BANGLADESH. INDIAN WOMAN SENTENCED TO DEATH FOR HUMAN TRAFFICKING

17 June 2005 :

a Bangladesh court has sentenced an Indian woman to death for attempting to traffic a four-year-old boy out of the country, a court official said.
Anjali Devi, alias Manju Devi, 24, collapsed as the judge of a special trafficking tribunal in western Pabna read out the court verdict, the official said.
Sentencing Devi to be hanged, Judge Amirun Nesa told Devi the prosecution proved she was part of an inter-state child-trafficking gang. Devi, a Hindi-speaking Indian national, was handed over to police by a mob in March 2002 after she was stopped as she boarded a bus with the child, the official said.
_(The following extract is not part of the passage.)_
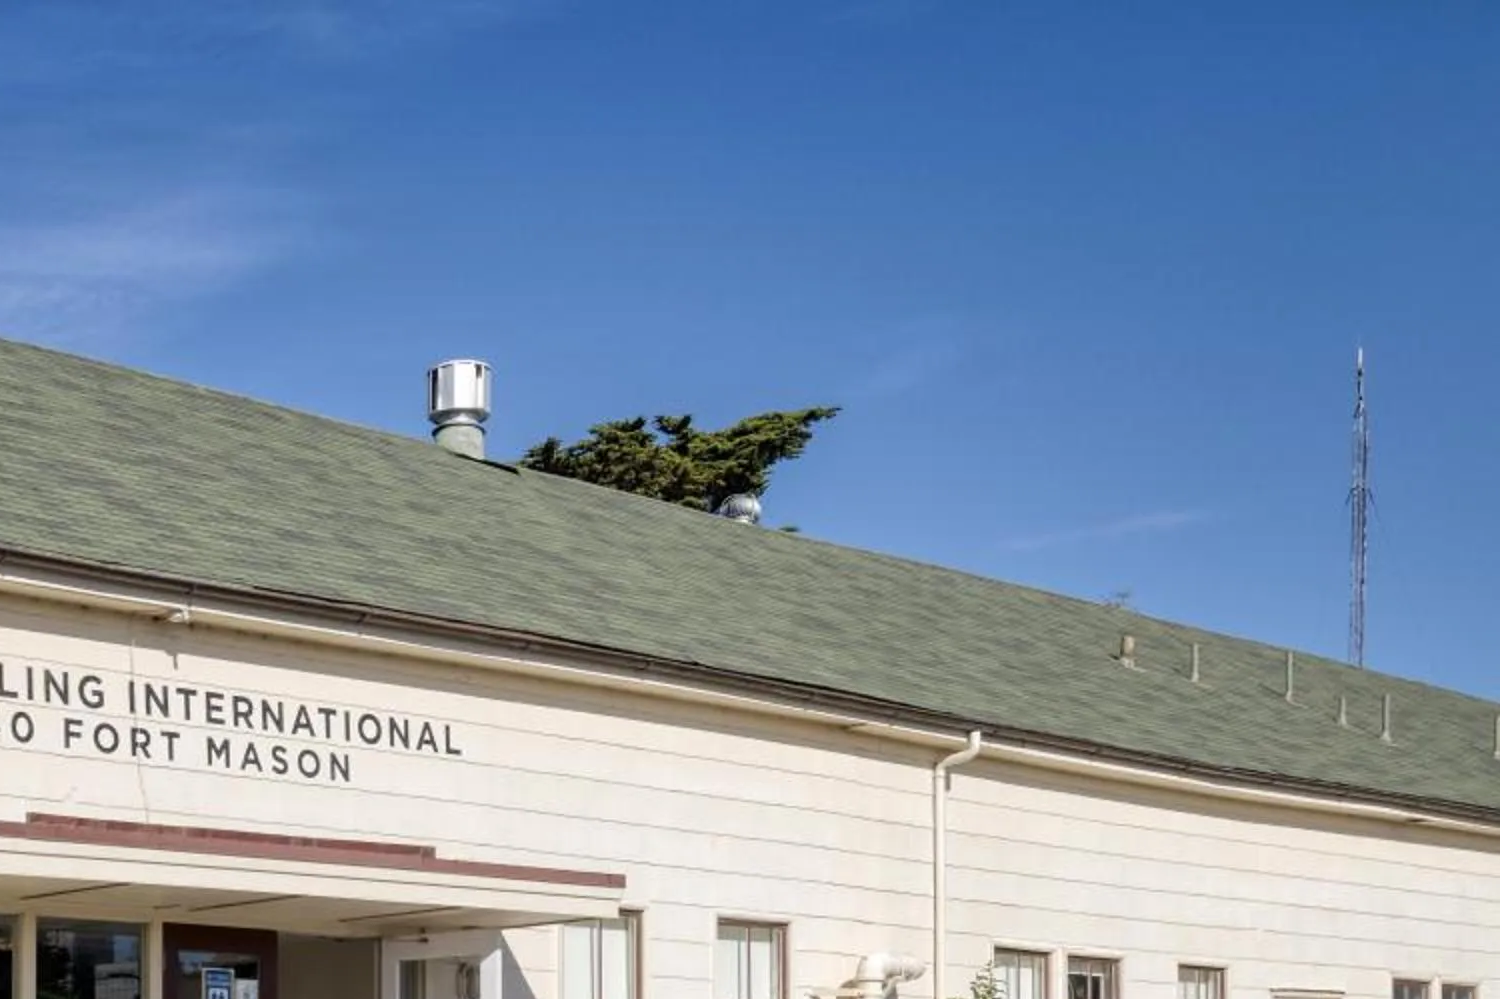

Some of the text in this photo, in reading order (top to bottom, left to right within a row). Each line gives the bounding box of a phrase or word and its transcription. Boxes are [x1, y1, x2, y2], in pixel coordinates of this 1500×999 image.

Pabna is close to the border with India's West Bengal state.
An official of the Indian High Commission in Dhaka said, "We are not sure of her identity. We're looking into it." The verdict came as the country stepped up efforts to fight traffickers.
In the year to February 2005, the Bangladesh government prosecuted 70 cases of women and child smuggling, securing 41 convictions. Around 20,000 women and children are trafficked from or via Bangladesh each year, according to estimates by the US State Department.
The US State Department's 2005 Trafficking in Persons Report said Bangladesh had made "commendable progress" in combating trafficking although further efforts were needed to root out corrupt officials who helped traffickers. The majority of victims are women and girls from rural areas who end up working in the sex trade or as domestic helpers.